China Underground > Entertainment > How do MMORPGs Produced in China Fair against Those from Other Parts of the World?

How do MMORPGs Produced in China Fair against Those from Other Parts of the World?

Last Updated on 2019/08/03

China is the biggest country in the world for gaming, and in 2018, 20 percent of all consumer spend on games came from the Asian country. That same year, China made $37.9 billion from the gaming industry, with the whole of Asia-Pacific bringing in $71.4 billion. This equated to 52 percent of the global games market. These telling figures show how China is dominating the games market, and part of this is due to the quality of games it produces. But how do their MMORPGs stack up against some of the best offerings from around the world?

The MMORPG is one of the most popular genres of videogame in 2019. The genre as it is defined today began with Meridian 59 in 1996, which was soon followed by The Realm Online and Ultima Online in 1996 and 1997 respectively. These early offerings were all Western produced, and created a market for the huge games which exist today. Blizzard Entertainment’s World of Warcraft and ArenaNet’s Guild Wars are two of the most popular titles on the market and were both developed in the USA. Along with these, the Japanese-made Final Fantasy series has been hugely successful.

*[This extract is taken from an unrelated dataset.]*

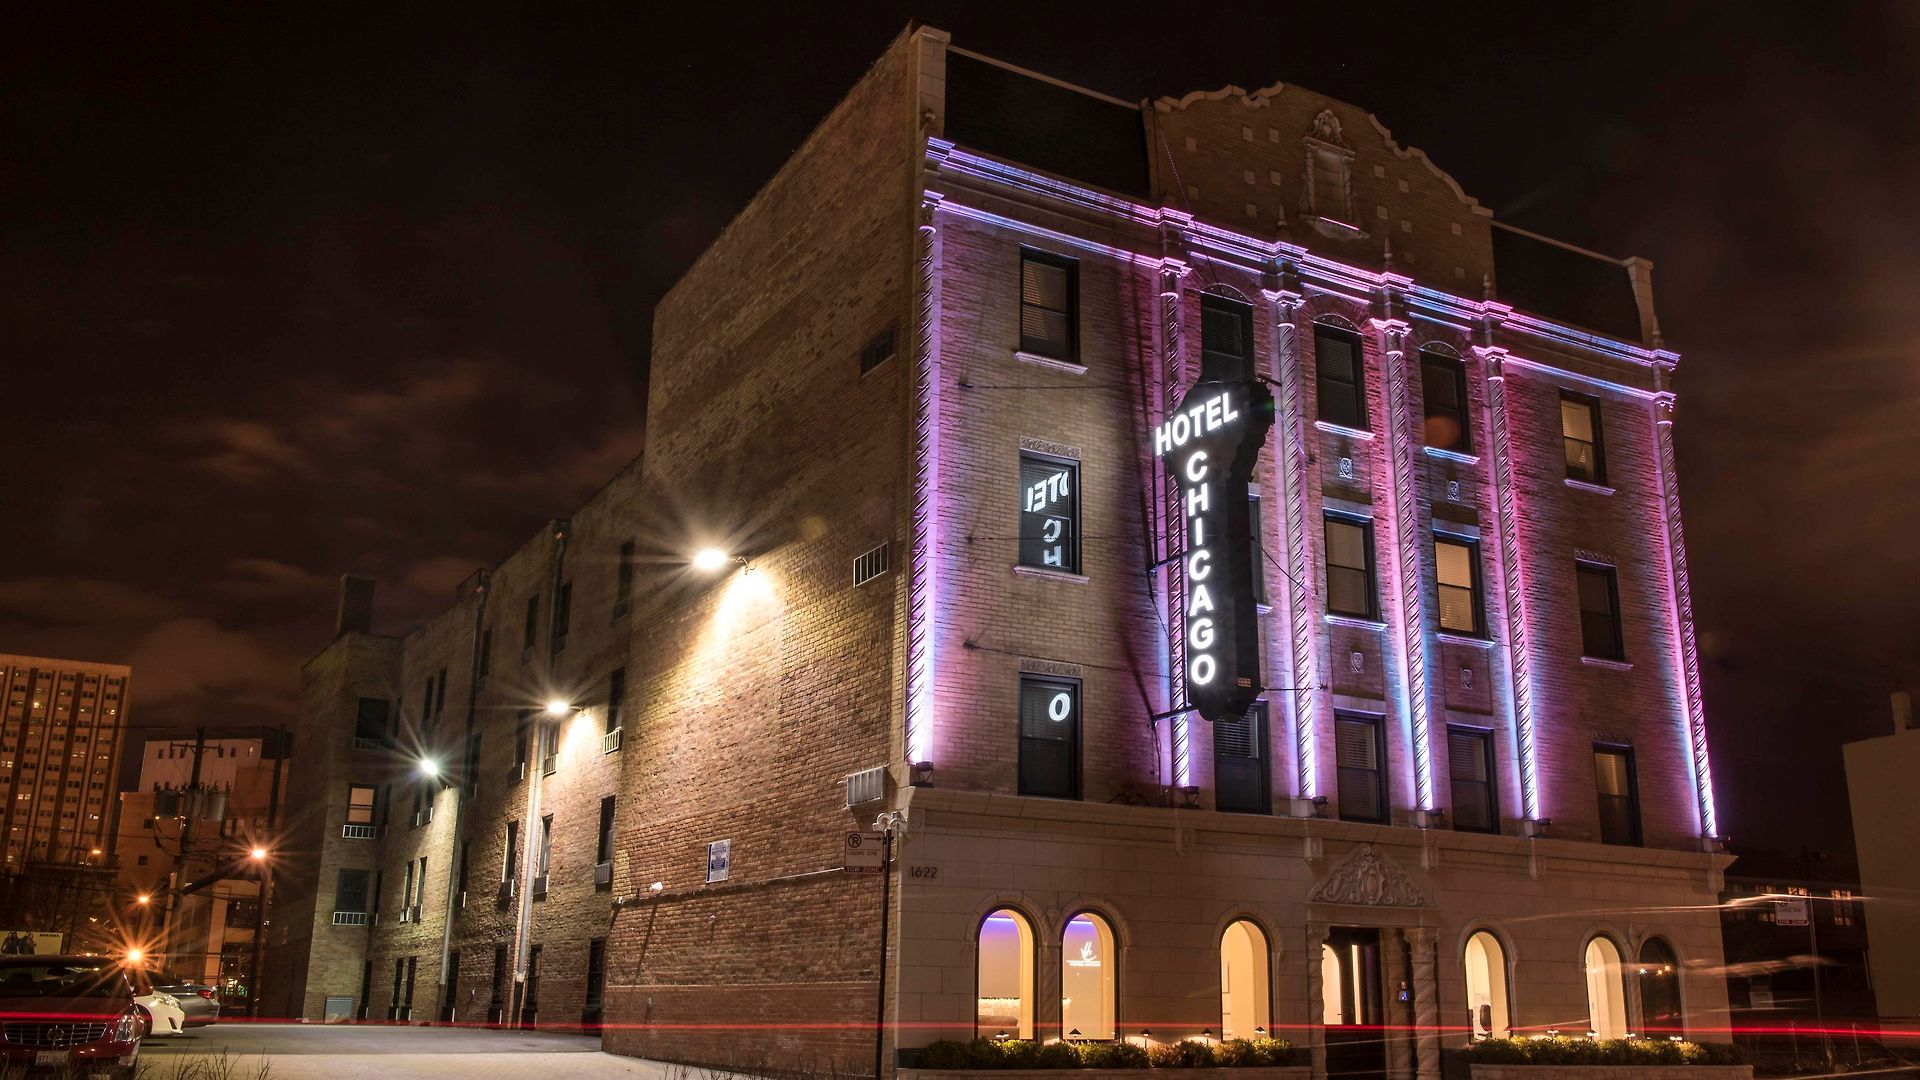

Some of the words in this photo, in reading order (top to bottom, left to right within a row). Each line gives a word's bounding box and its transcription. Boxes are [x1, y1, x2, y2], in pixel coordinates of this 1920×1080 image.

[1156, 393, 1237, 455] HOTEL
[1186, 451, 1215, 685] CHICAGO
[910, 865, 937, 878] 1622

While China hasn’t produced any offerings quite as famous worldwide as these, a number of MMORPGs from the country are played by millions. Moonlight Blade, for instance, is a free-to-play 3D martial arts adventure from TenCent Games, a Chinese developer. However, the game was published by the Korean-Japanese company Nexon. The game from Aurogon, GuJian, was also widely successful in China. So much so that it led to the creation of a television drama, Sword of Legends, based on it. The romance fantasy was the most-viewed online drama in 2014.

Chinese MMORPGs are played by residents of the country, but few have managed to reach mass audiences across the globe. In this regard, Western-produced games which aim to appeal to people from a wide range of countries are winning. Even on mobile, a medium which has grown fastest in Asia, European and American-made MMORPGs are finding the greatest success.

Developers such as Plarium are producing regular content which continues to attract high playing numbers. After the mass popularity of Stormfall: Age of War in 2012, the developers came up with a wide range of strategy games for mobile. One of the most recent offerings, Raid: Shadow Legends, is a wholly fictional fantasy set in the deadly land of Teleria. The games encourage cooperative play between multiple users online and due to the need for upgrading and levelling up, there is lengthy play potential involved.

Chinese themes have been consistently prevalent in gaming, but when it comes to creating MMORPG content which is played by numerous nationalities, the country is behind the rest of the world. One of the main criticisms with Chinese MMORPGs has been the fact that a lot of them are pay to win, and users need to invest money to reach the high levels. When players realize that they need to pay significant sums in a freemium game in order to succeed, they often lose interest.